I’ve implemented a versions catalog in my system, really loving this new api. I’m wondering if it is possible to access the version catalog from inside a plugin? I’d like to detect if a catalog exists, apply some entries to various configurations.

1 Like

Use the version of libs.version.toml in buildSrc?

Yeah, that’s what I’m asking, I’ve built a plugin implementing org.gradle.api.Plugin<org.gradle.api.Project>. I can’t seem to find a way to access catalog from the project api, and I was curious if I missed something, or if there is an alternative approach to get data from the catalog into my plugin.

it’s not difficult
You should add this code in settings.gradle in buildSrc

dependencyResolutionManagement {
    versionCatalogs {
        libs {
            from(files("../gradle/libs.versions.toml"))
        }
    }
}

Here is my usage example

def springbootVersion = project.rootProject
                .extensions
                .getByType(VersionCatalogsExtension.class)
                .named("libs")
                .findVersion("springBoot")
                .get()
                .displayName

If you still don’t understand, you can refer to my github
my github
Good luck

1 Like

This is exactly what I was looking for! Thanks!!!

How about composite builds? Let’s say there are two builds: buildscript and example, example includes buildscript by the following declaration in its settings.gradle.kts:

pluginManagement {
    includeBuild("../buildscript")
}

All attempts to access version catalogs declared in buildscript’s settings.gradle.kts fail for me if done from inside of some org.gradle.api.Plugin located in buildscript. With the code provided above (project.rootProject.extensions.getByType(VersionCatalogsExtension.class)...) it’s only possible to get example’s version catalogs.

Is there any way to access a version catalog declared inside buildscript’s settings.gradle.kts to use it from some buildscript’s Plugin?

Update. I think I’ve got the picture - when we use constructions like project.rootProject.extensions.getByType(VersionCatalogsExtension.class)... inside plugins, the only version catalogs we can access - are those declared in the target project’s (to which we are going to apply the plugin) settings.gradle.kts. In other words, there seems to be no straightforward way to encapsulate version catalogs to be used inside plugins.

One more update. What I want to have is some automatic type-safe codebase generation allowing to add similar version catalogs from .toml files not at the Gradle’s buildscript level, but inside Gradle project’s codebase (which is usually src/main/kotlin/... or anything else linked by the sourceSet configuration). So in the case of composite builds described above, buildscript’s plugins get an access to version catalogs in an encapsulated manner regardless from what these plugins are going to be applied to eventually.

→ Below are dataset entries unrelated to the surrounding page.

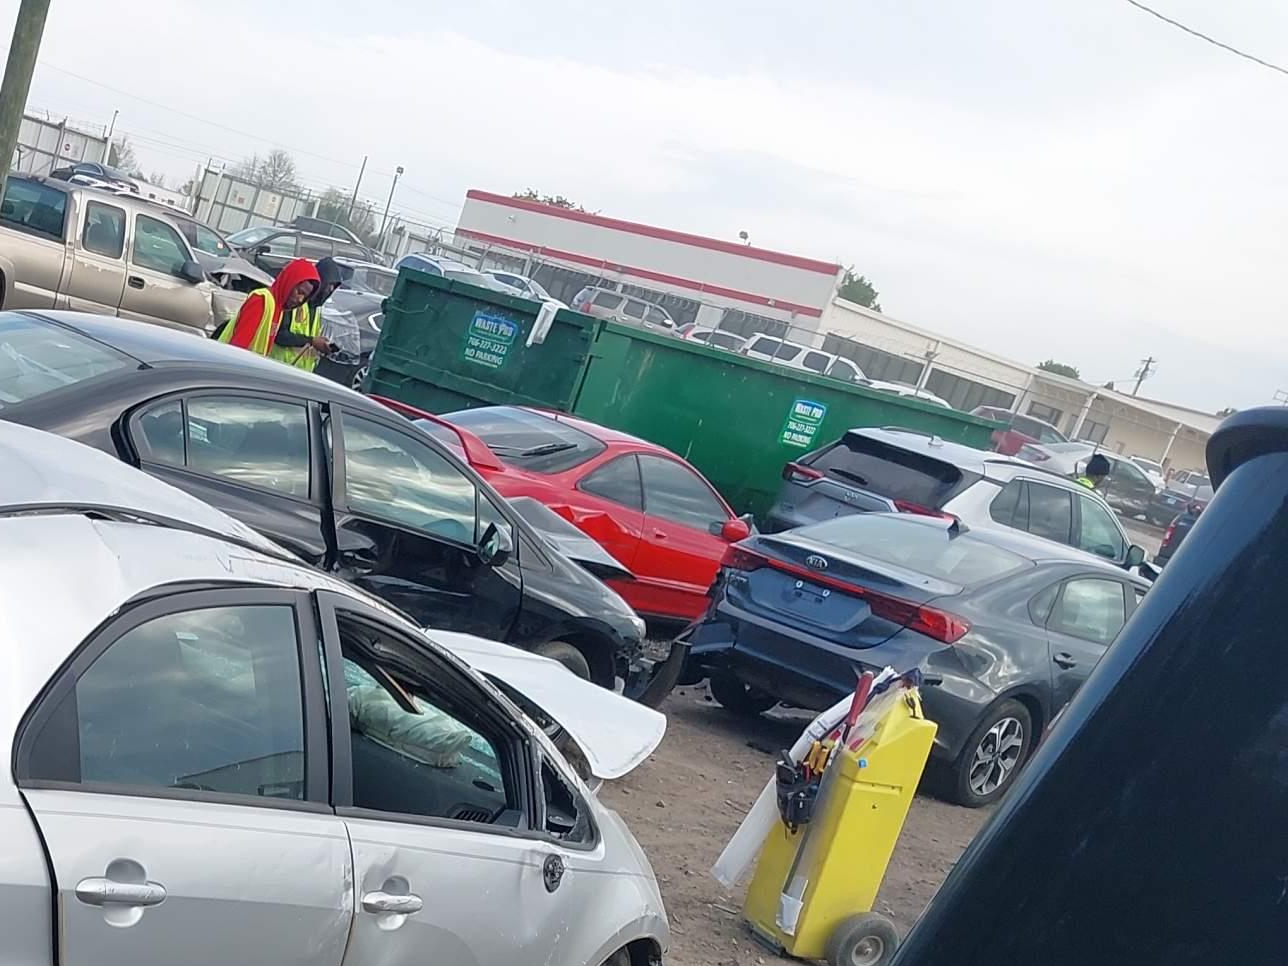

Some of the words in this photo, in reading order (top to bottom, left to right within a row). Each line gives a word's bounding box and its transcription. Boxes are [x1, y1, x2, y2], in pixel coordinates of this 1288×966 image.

[474, 317, 498, 334] WASTE
[464, 347, 475, 357] NO
[475, 350, 504, 366] PARKING
[783, 430, 792, 440] NO
[807, 555, 827, 569] KIA

So everything I wrote above can be rephrased as: is there any Gradle plugin generating type-safe wrappers for .toml-based version catalogs and adding generated classes to project’s sources? Something like:

plugins {
  id("toml-wrappers-generator")
}

tomlWrappersGenerator {
  addTargetTomlCatalog(../dependencies.toml)
}

// Now this project has got DependenciesCatalog.kt included into its compilation sources.

buildSrc or composite build are totally the same here, no difference.
All you can access from the code of a plugin is the version catalog that is present in the target project.
If you make sure it is the same version catalog in both projects, you could use my hack-around in the according GitHub issue to use the type-safe accessors within the plugin code.
But other than that, you can just use the string-y API.

You can publish a version catalog though and tell the consumers to use that version catalog in their builds.
Or you can have a settings plugin that defines the version catalog and tell your consumers to apply that settings plugin to get the according version catalog.

Not that I’m aware of, but you can probably do it relatively easily as you can loop through the entries and then generate some accessors from them, even if that is not how the version catalogs were meant to be used. :smiley:

Yeah, agree - will try to do it myself - now at least I have the entire picture of how it works and what I need eventually. Thank you :slight_smile:

even if that is not how the version catalogs were meant to be used. :smiley:

In my case there is a compilation of composite builds: one for required buildscripts, one for the core codebase (which is applied as a dependency to target projects by some of buildscript plugins) and one as an example of usage. Some of dependencies are shared between these builds. I want to have one ground truth for all of my dependencies by using corresponding .toml-catalogs inside some separate dependencies folder. At the same time I don’t want end users of my Gradle plugins to place any kinds of toml version catalogs into their projects just to make the plugins work.